SOURCE RECORDS:

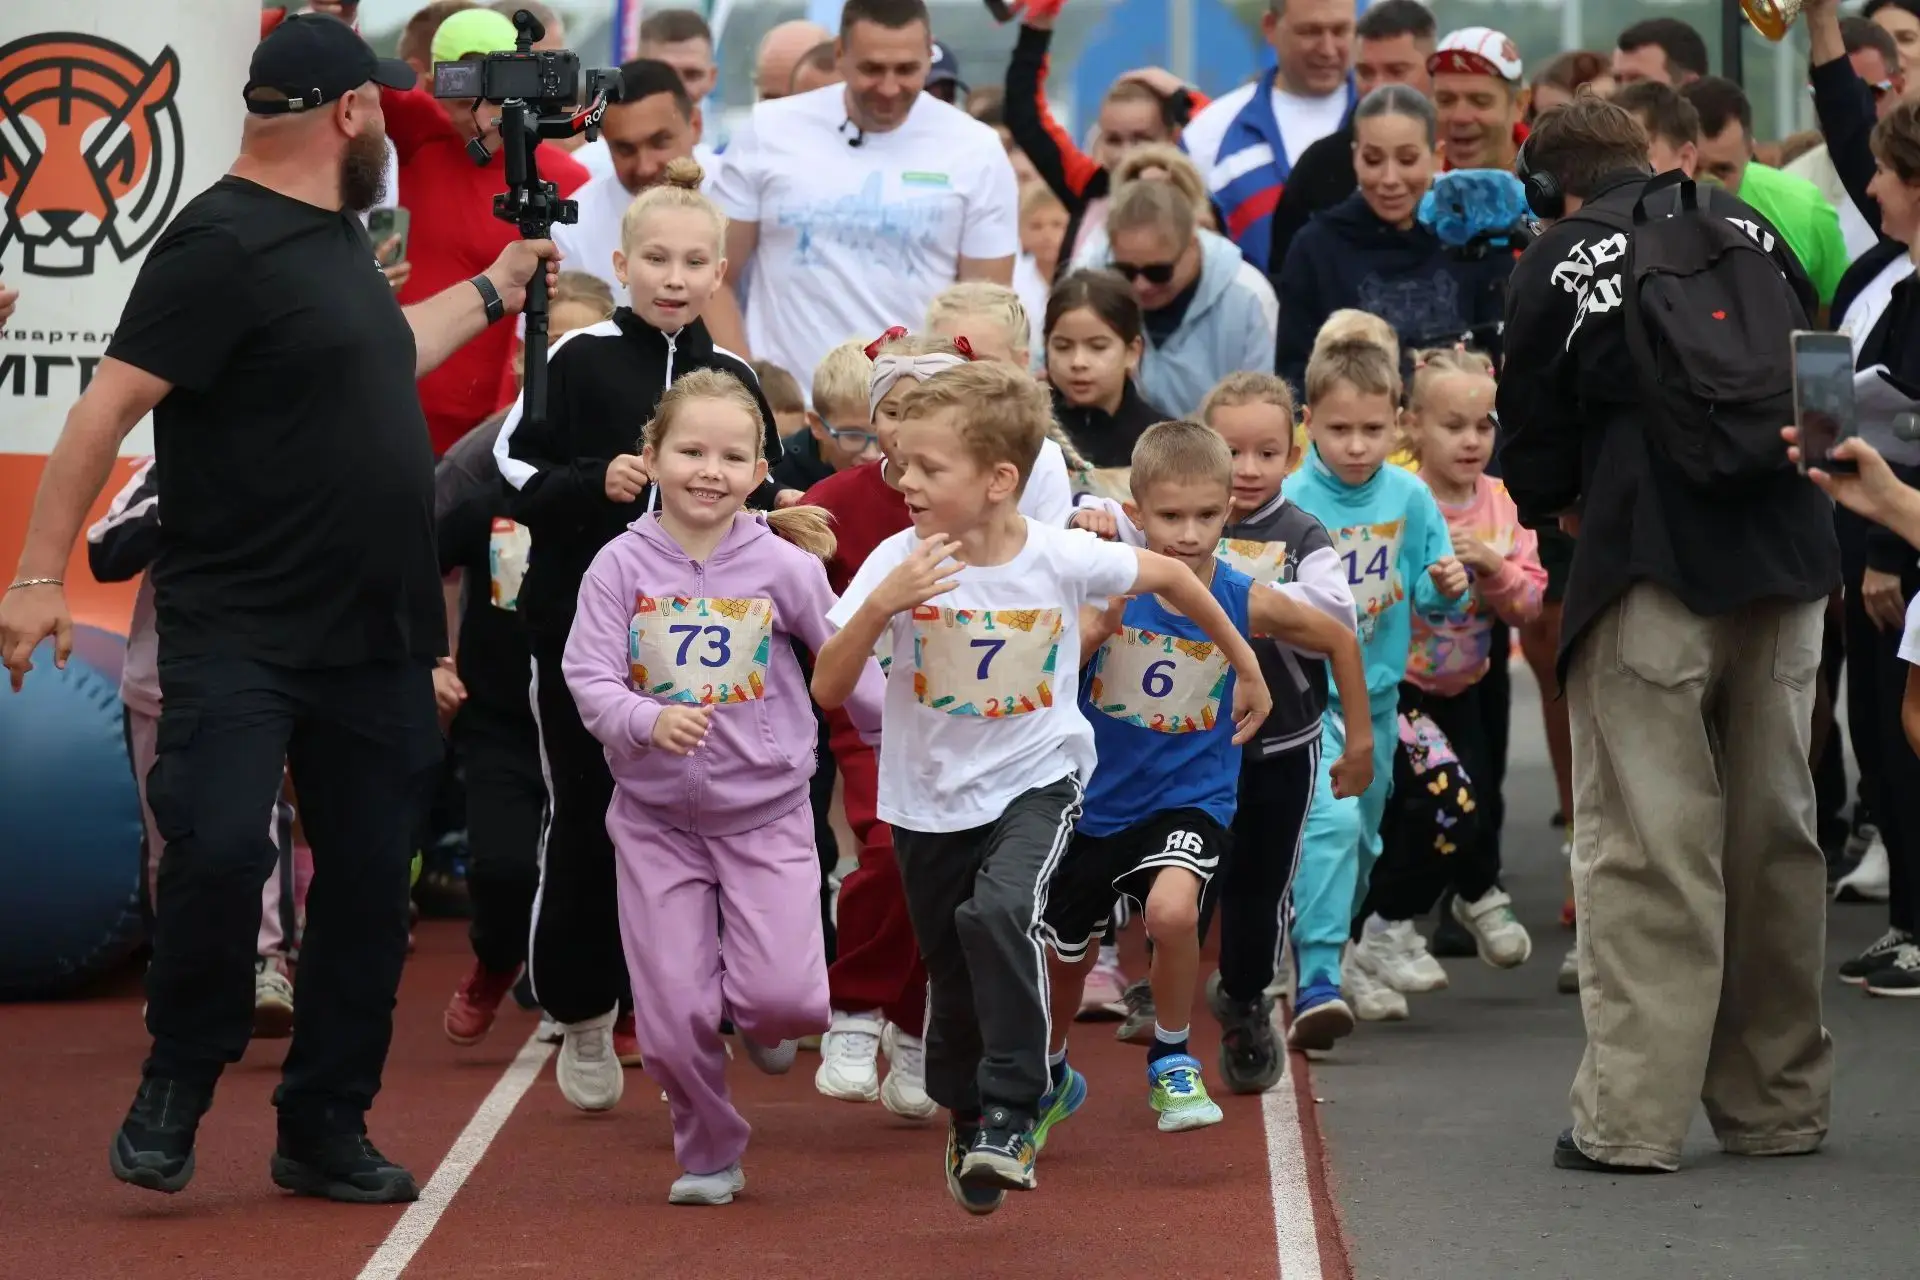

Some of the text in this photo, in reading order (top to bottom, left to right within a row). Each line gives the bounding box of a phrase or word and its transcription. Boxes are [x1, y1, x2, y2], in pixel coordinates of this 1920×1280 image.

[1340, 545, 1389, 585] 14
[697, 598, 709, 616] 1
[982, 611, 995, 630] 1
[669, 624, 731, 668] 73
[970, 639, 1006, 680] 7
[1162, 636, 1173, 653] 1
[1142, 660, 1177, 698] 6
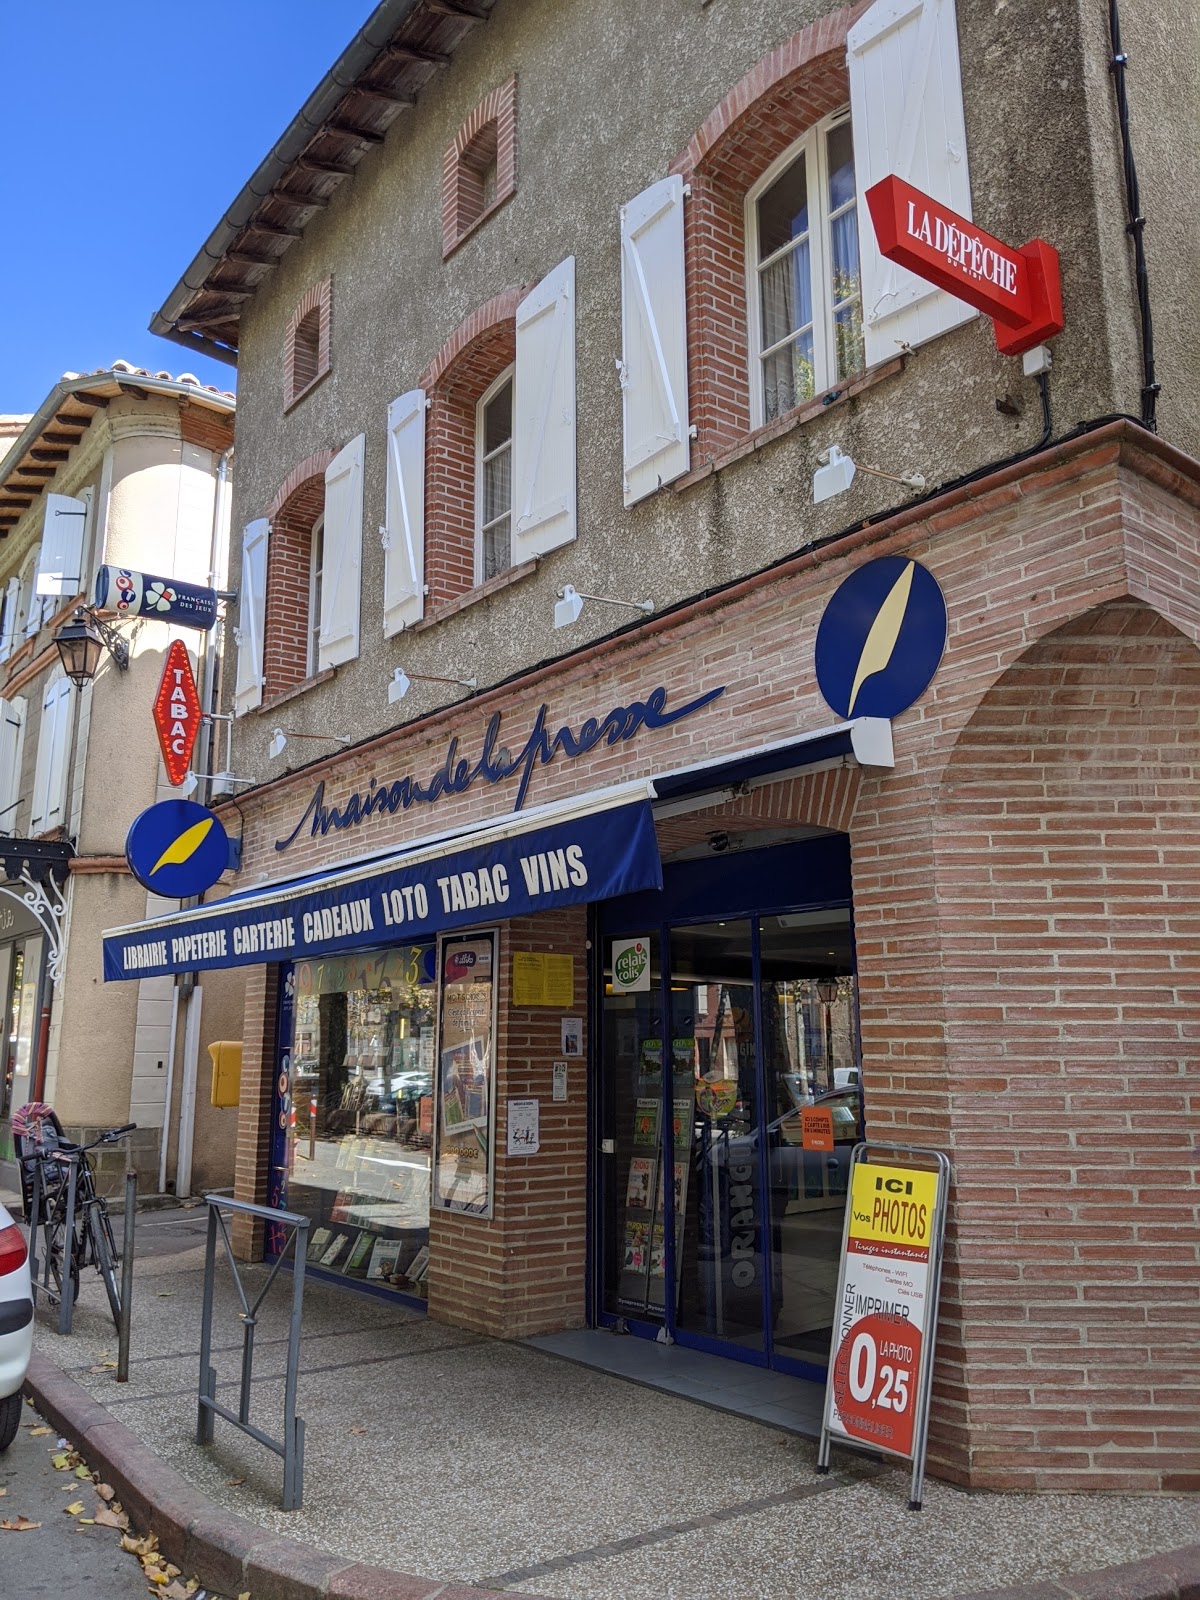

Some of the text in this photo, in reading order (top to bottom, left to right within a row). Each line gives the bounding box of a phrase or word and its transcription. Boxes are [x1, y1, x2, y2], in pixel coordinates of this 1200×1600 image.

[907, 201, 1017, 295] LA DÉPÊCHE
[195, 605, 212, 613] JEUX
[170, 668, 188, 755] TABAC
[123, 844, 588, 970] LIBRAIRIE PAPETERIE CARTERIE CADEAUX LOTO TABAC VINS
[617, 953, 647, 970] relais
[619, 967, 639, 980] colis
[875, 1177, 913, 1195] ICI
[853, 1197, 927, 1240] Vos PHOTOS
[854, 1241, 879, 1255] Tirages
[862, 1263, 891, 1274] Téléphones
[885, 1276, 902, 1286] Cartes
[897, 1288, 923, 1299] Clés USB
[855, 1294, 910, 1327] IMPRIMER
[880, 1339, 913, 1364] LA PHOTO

TASK DETAILS: Everything in the records that precede this task must be written out again exactly, except the pictures.

SOLUTION FOR THIS PROBLEM:
Some of the text in this photo, in reading order (top to bottom, left to right within a row). Each line gives the bounding box of a phrase or word and its transcription. Boxes are [x1, y1, x2, y2], in pixel coordinates of this 1920×1280 image.

[1340, 545, 1389, 585] 14
[697, 598, 709, 616] 1
[982, 611, 995, 630] 1
[669, 624, 731, 668] 73
[970, 639, 1006, 680] 7
[1162, 636, 1173, 653] 1
[1142, 660, 1177, 698] 6

Some of the text in this photo, in reading order (top to bottom, left to right within a row). Each line gives the bounding box of a phrase or word and its transcription. Boxes are [x1, y1, x2, y2], in pixel coordinates of this 1200×1600 image.

[907, 201, 1017, 295] LA DÉPÊCHE
[195, 605, 212, 613] JEUX
[170, 668, 188, 755] TABAC
[123, 844, 588, 970] LIBRAIRIE PAPETERIE CARTERIE CADEAUX LOTO TABAC VINS
[617, 953, 647, 970] relais
[619, 967, 639, 980] colis
[875, 1177, 913, 1195] ICI
[853, 1197, 927, 1240] Vos PHOTOS
[854, 1241, 879, 1255] Tirages
[862, 1263, 891, 1274] Téléphones
[885, 1276, 902, 1286] Cartes
[897, 1288, 923, 1299] Clés USB
[855, 1294, 910, 1327] IMPRIMER
[880, 1339, 913, 1364] LA PHOTO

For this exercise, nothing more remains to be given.